Não é que se atribua importância excessiva às "coisinhas": muitas vezes são
os próprios autores do reparo que o relativizam, sabendo que se trata de um pormenor, uma
distracção, um lapso involuntário. Mas não gostam. Sobretudo, não aceitam falhas
dessas num jornal como o PÚBLICO, que cultiva uma imagem de rigor, de exigência
profissional, de controlo de qualidade em todos os espaços, desde a manchete mais nobre
à informaçãozinha mais corriqueira. Criar expectativas elevadas tem esse ónus: é-se
lido à lupa e, compreensivelmente, menos desculpado do que outros. Como há tempos
desabafava um leitor (que cito de memória), depois de criticar um erro menor: "Bem
sei que isto, em si, não é relevante, mas põe-me logo mal disposto para o resto da
leitura... Prezo tanto o MEU jornal que não lhe aceito descuidos."

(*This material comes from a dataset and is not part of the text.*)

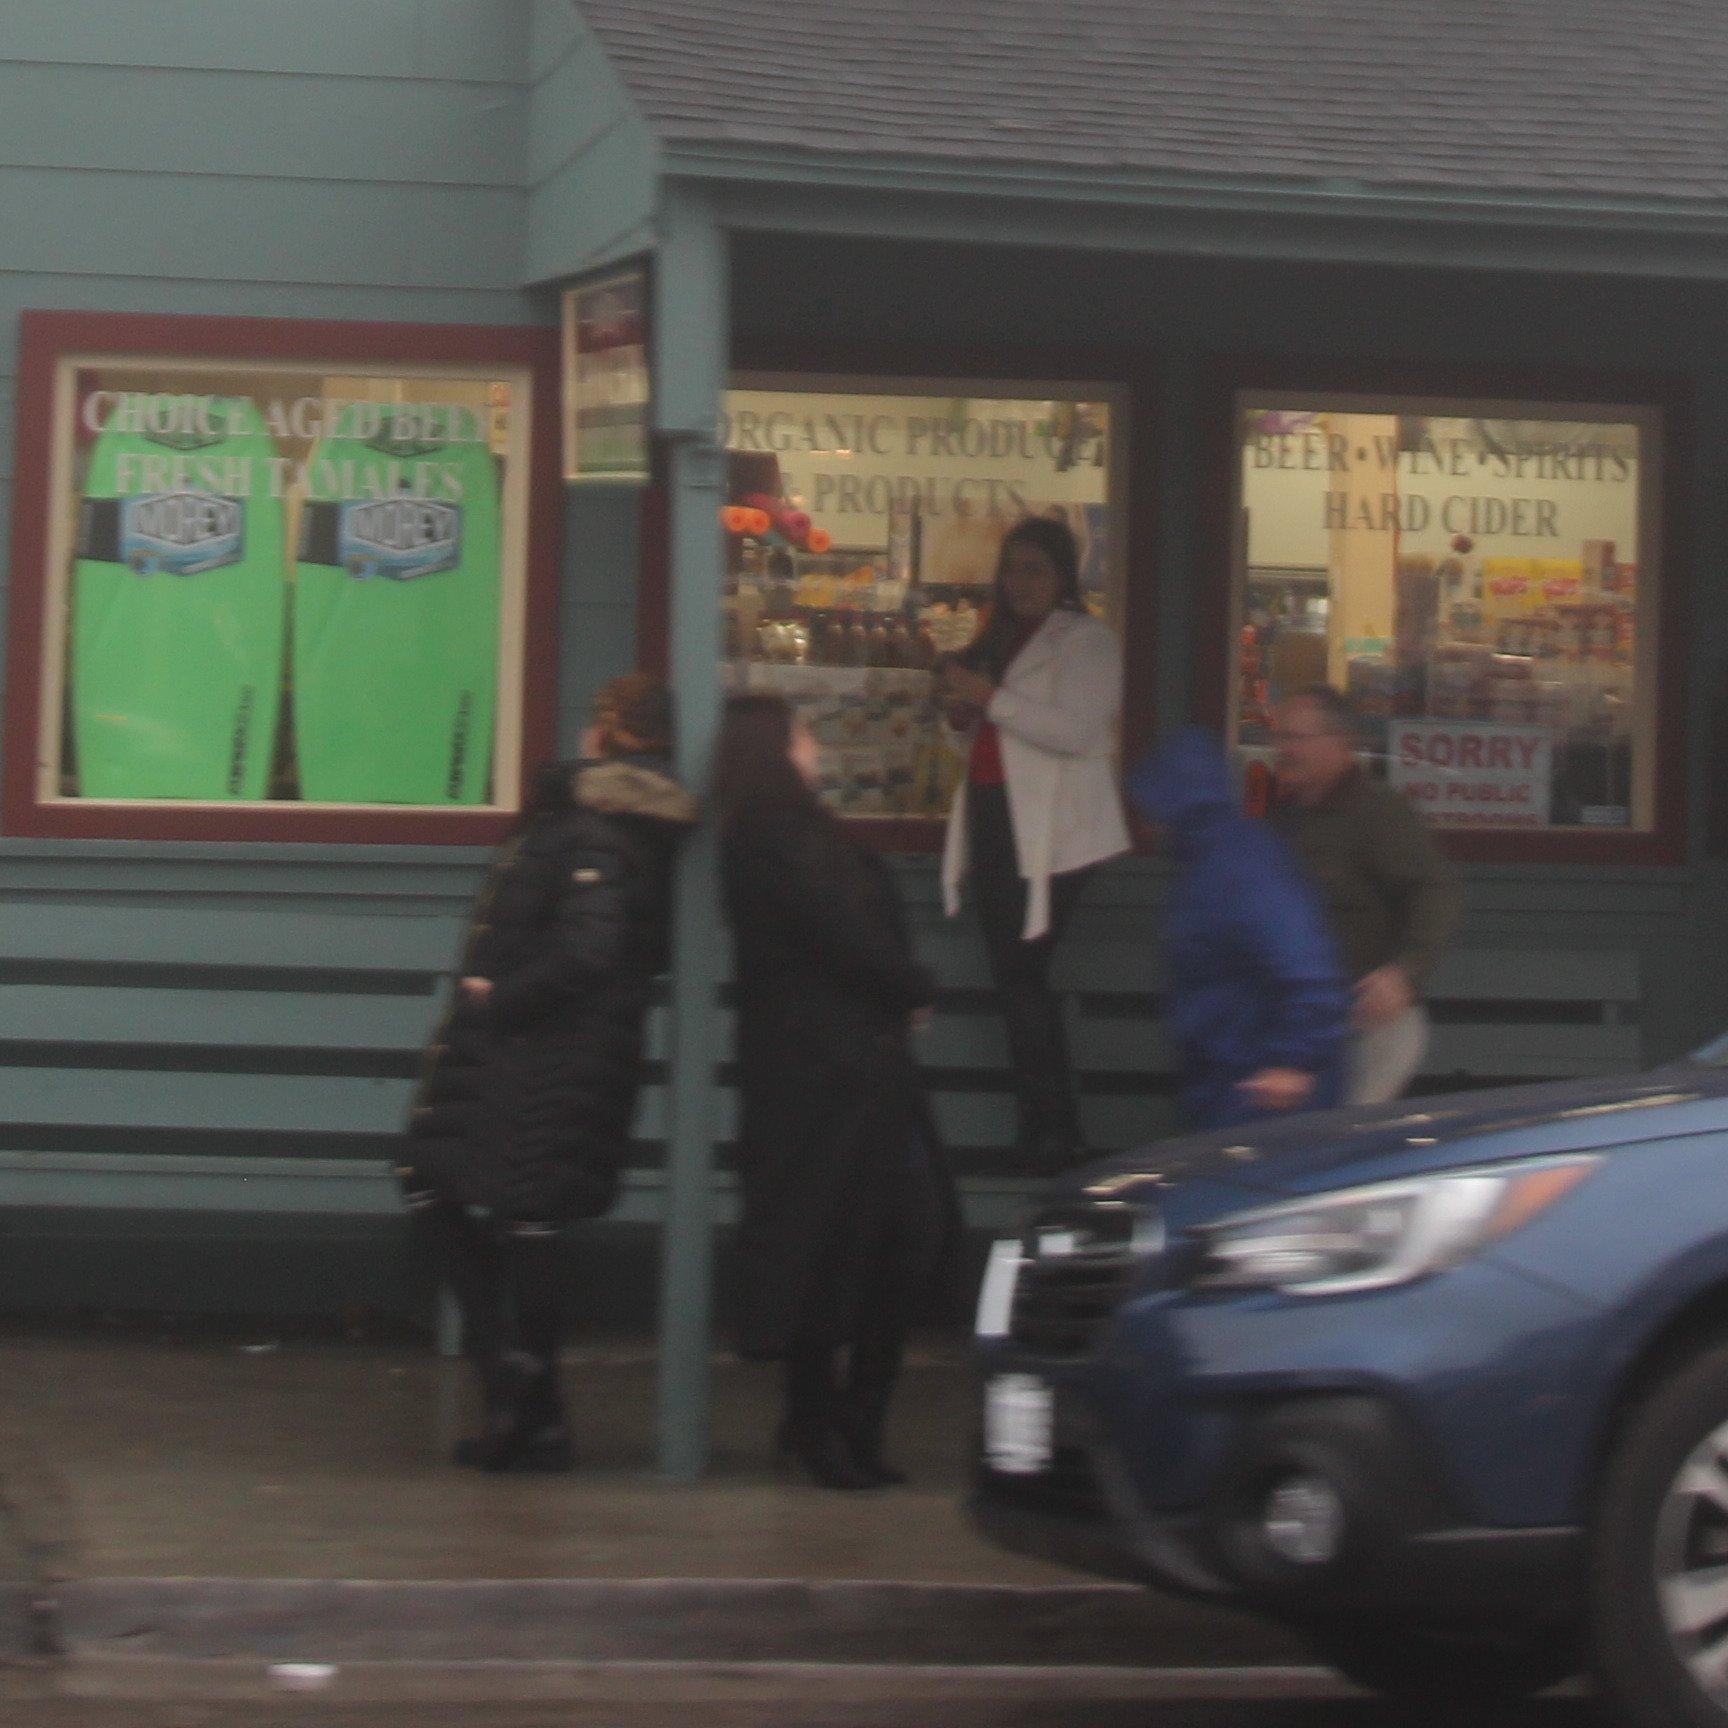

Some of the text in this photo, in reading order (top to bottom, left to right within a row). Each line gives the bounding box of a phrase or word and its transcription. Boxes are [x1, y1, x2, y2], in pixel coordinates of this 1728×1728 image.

Pois foi no meio de um textinho simples e descontraído, como são as prosas do suplemento
estival "Meia Praia" - adequadamente, aliás, dado o produto em causa, pois para
matéria pesada já nos chegam as realidades reportadas nas demais páginas do jornal... -
que o leitor António Carvalho encontrou uma expressão, a seu ver, inadmissível.
Recordando tempos idos, falava o jornalista (no caso, Fernando Correia de Oliveira -
F.C.O, na assinatura abreviada que usou) da imprescindível "licença militar"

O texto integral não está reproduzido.